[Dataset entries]
—————

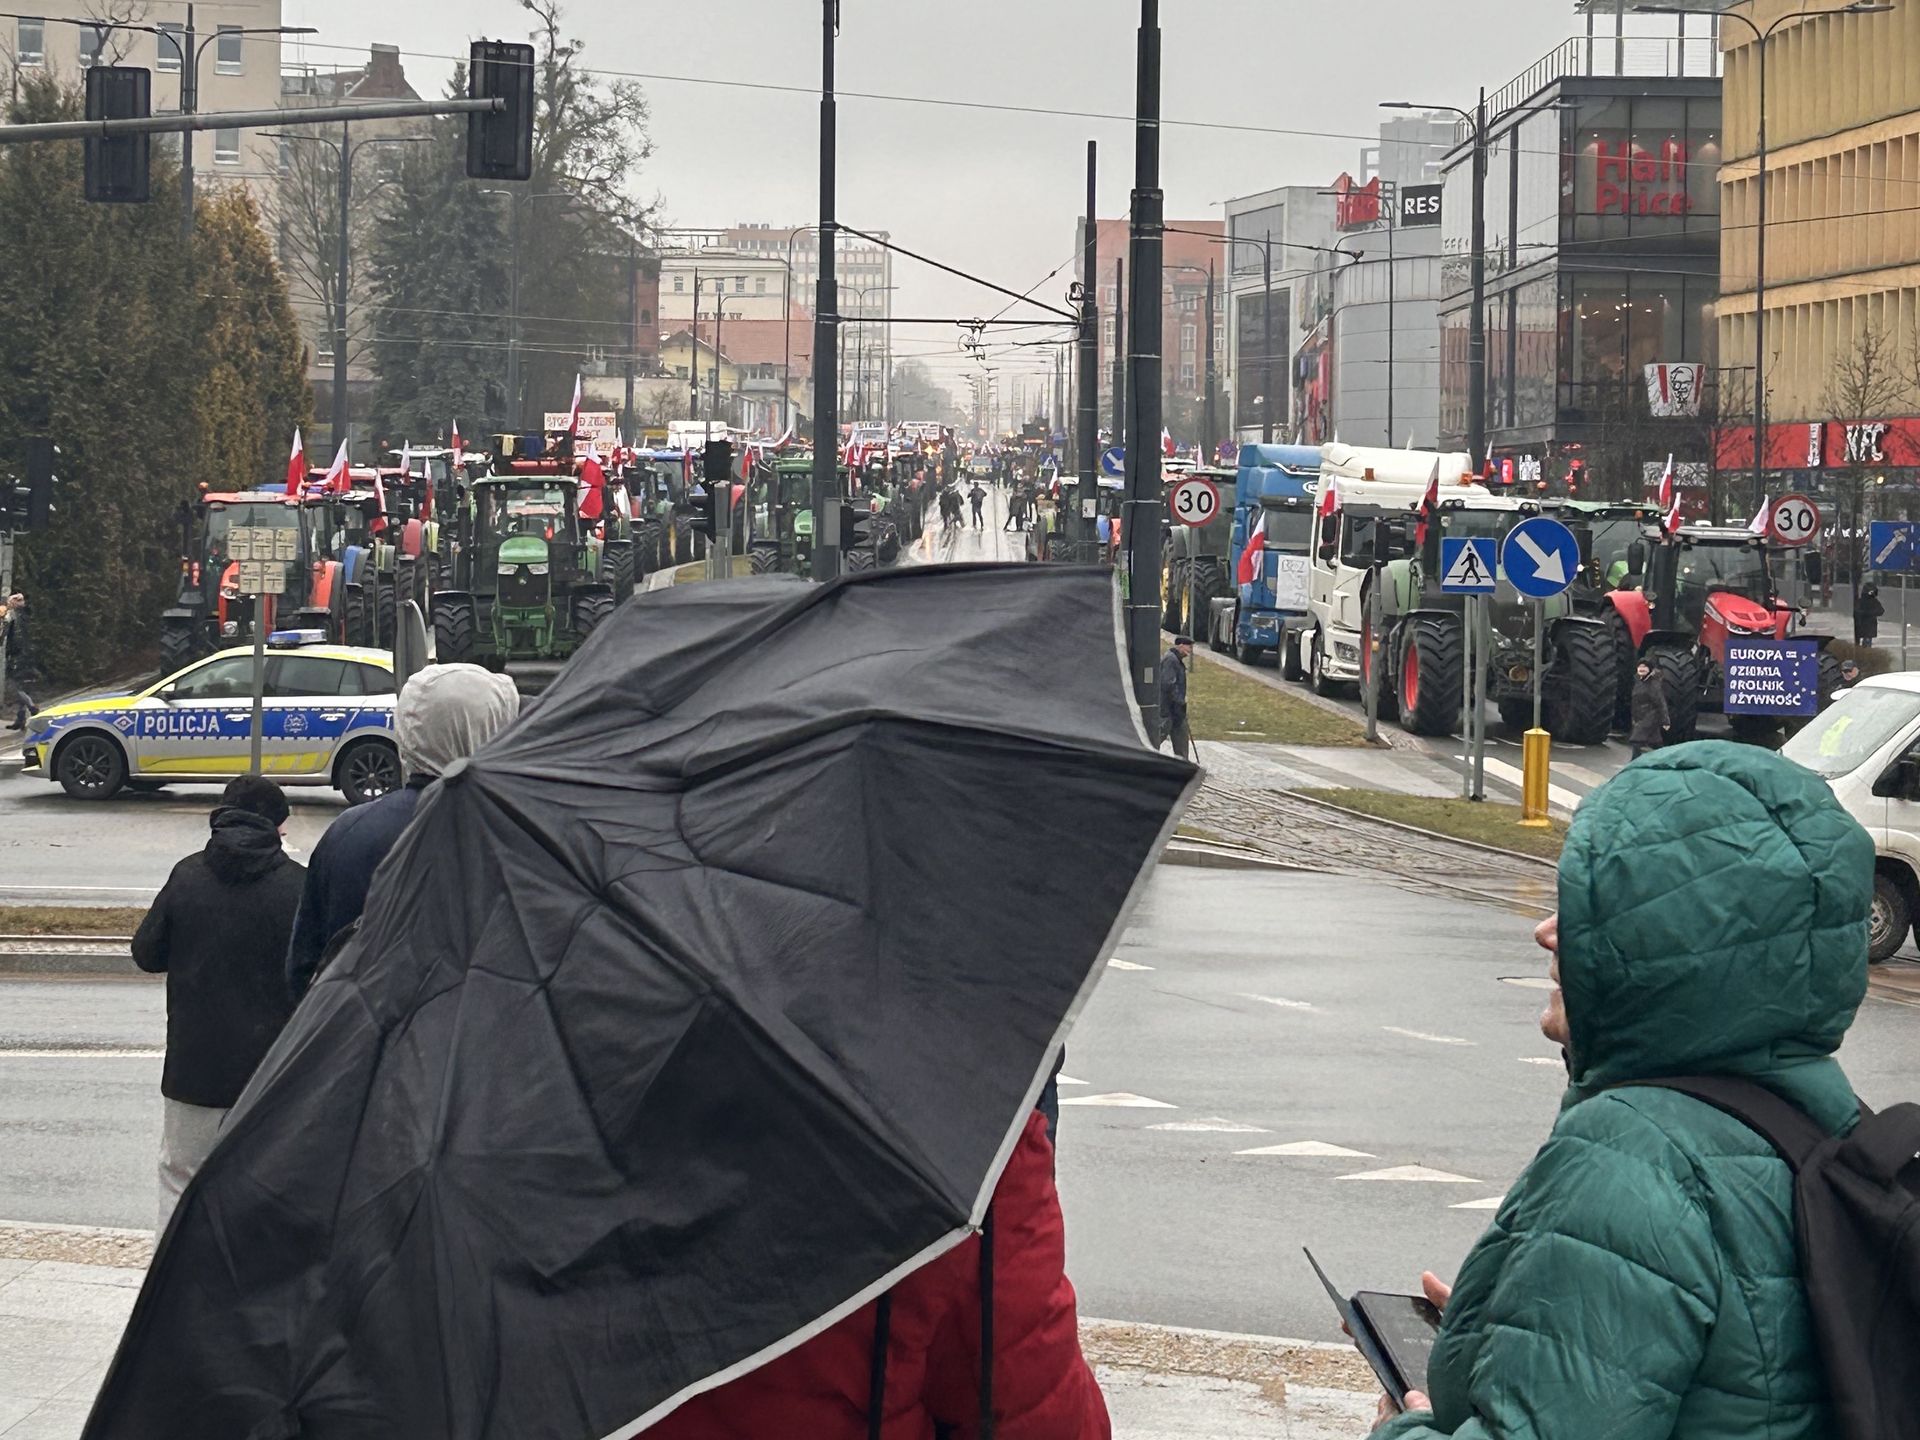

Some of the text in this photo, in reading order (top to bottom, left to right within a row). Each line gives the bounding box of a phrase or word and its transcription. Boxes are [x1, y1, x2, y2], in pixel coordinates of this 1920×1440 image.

[1404, 196, 1440, 215] RES
[1596, 182, 1695, 216] Price
[1843, 422, 1885, 462] KFC
[1177, 489, 1213, 514] 30
[1777, 507, 1814, 532] 30
[1730, 648, 1783, 661] EUROPA
[144, 715, 220, 734] POLICJA
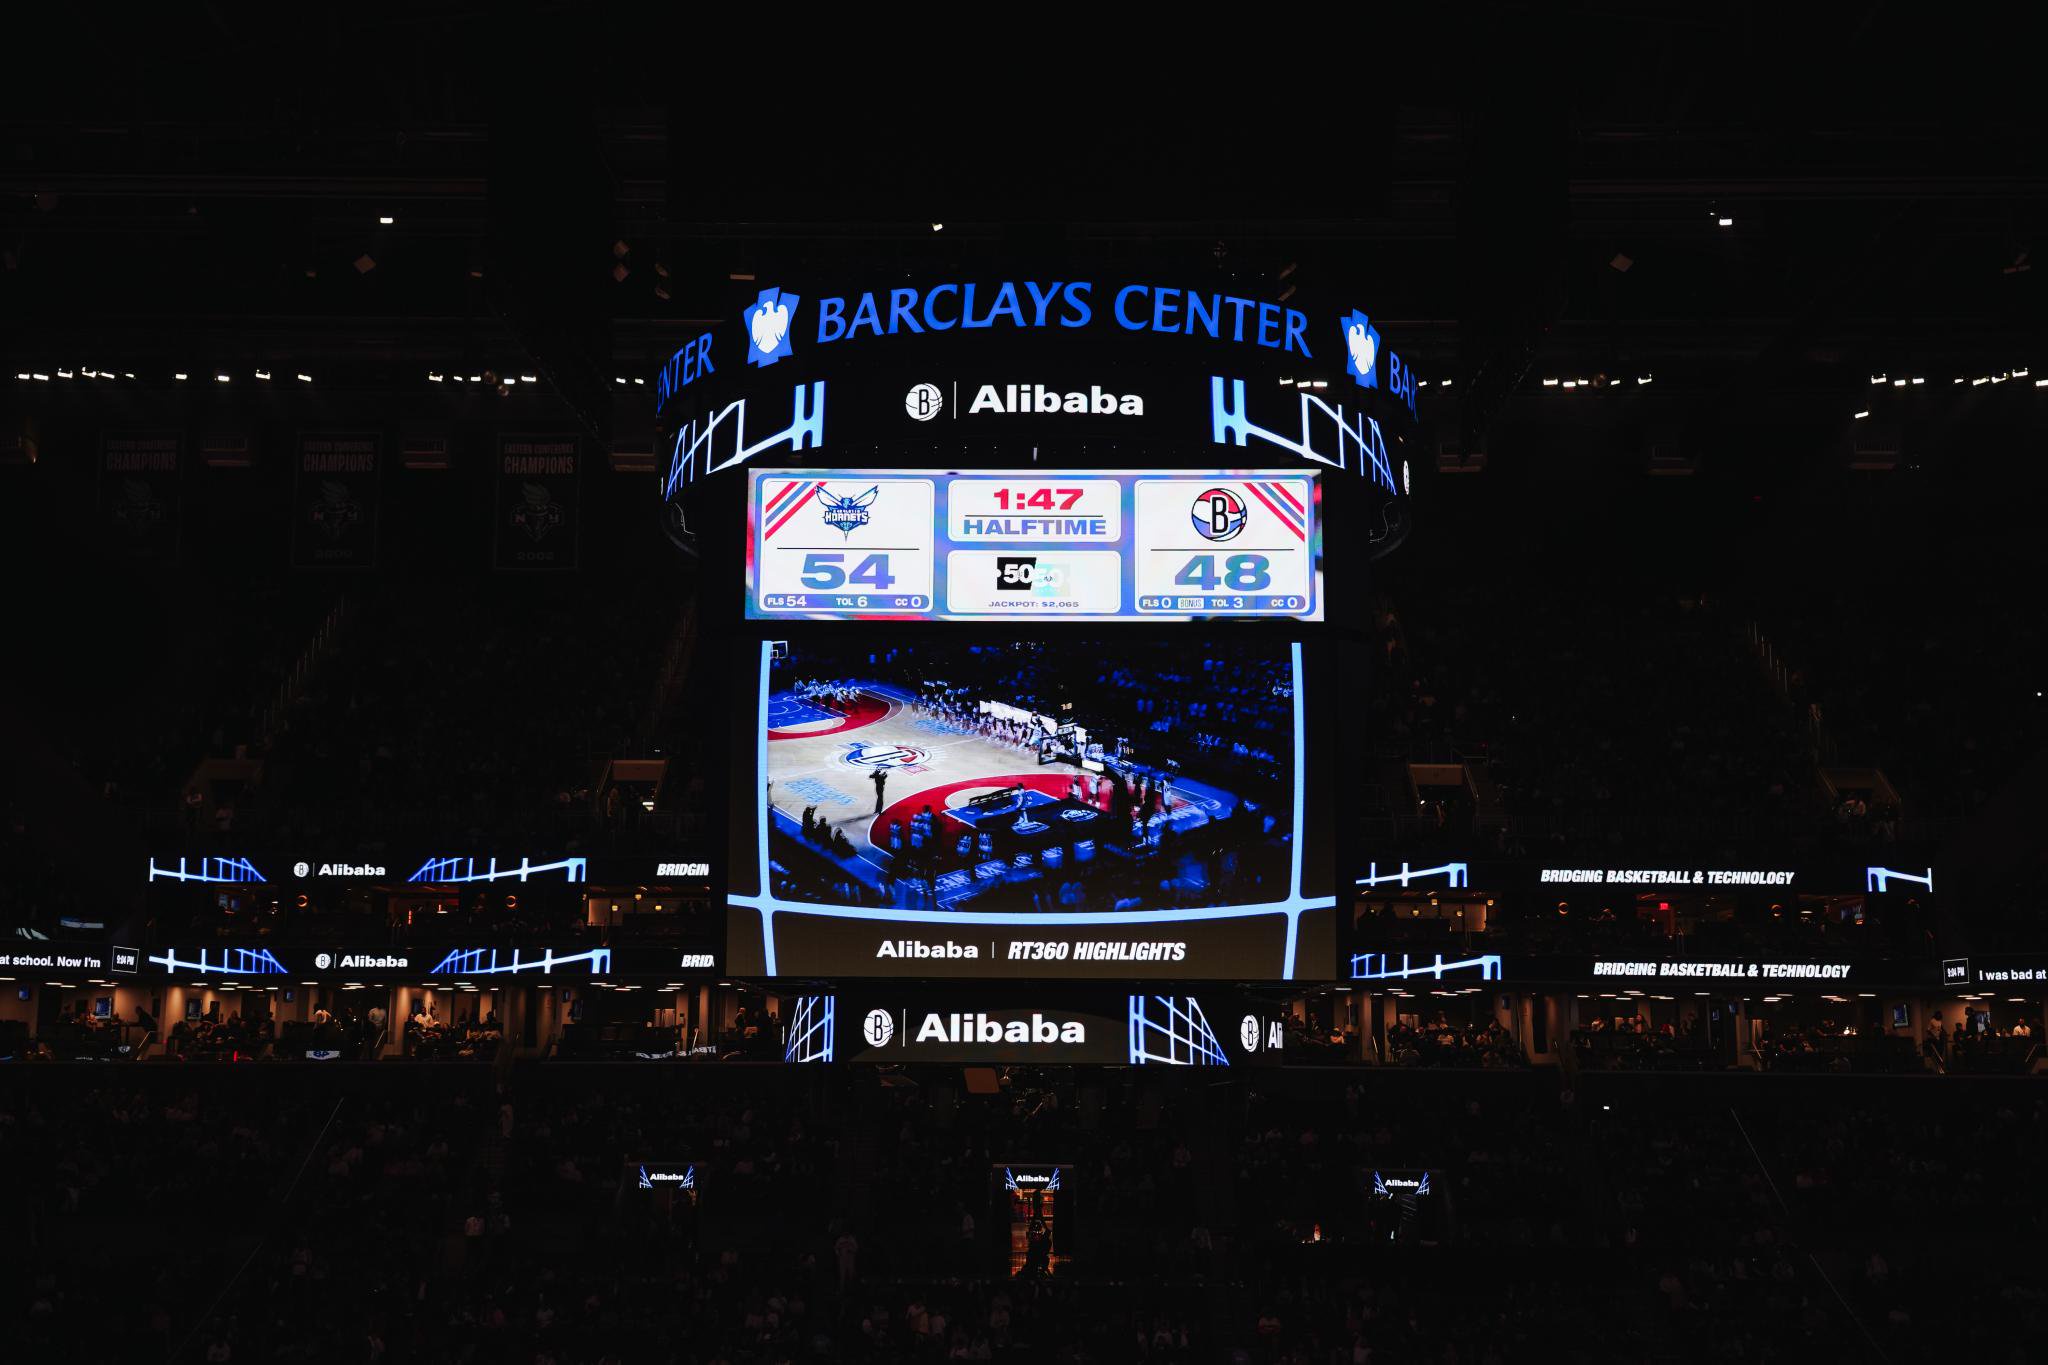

—————

* **WORK INSTRUCTIONS**:
For this exercise, print all of the entries exactly as they appear, but without pictures.

* **EXERCISE SOLUTION**:
Some of the text in this photo, in reading order (top to bottom, left to right within a row). Each line gives the bounding box of a phrase or word and its transcription. Boxes are [x1, y1, x2, y2], in pixel coordinates of this 1920×1440 image.

[1404, 196, 1440, 215] RES
[1596, 182, 1695, 216] Price
[1843, 422, 1885, 462] KFC
[1177, 489, 1213, 514] 30
[1777, 507, 1814, 532] 30
[1730, 648, 1783, 661] EUROPA
[144, 715, 220, 734] POLICJA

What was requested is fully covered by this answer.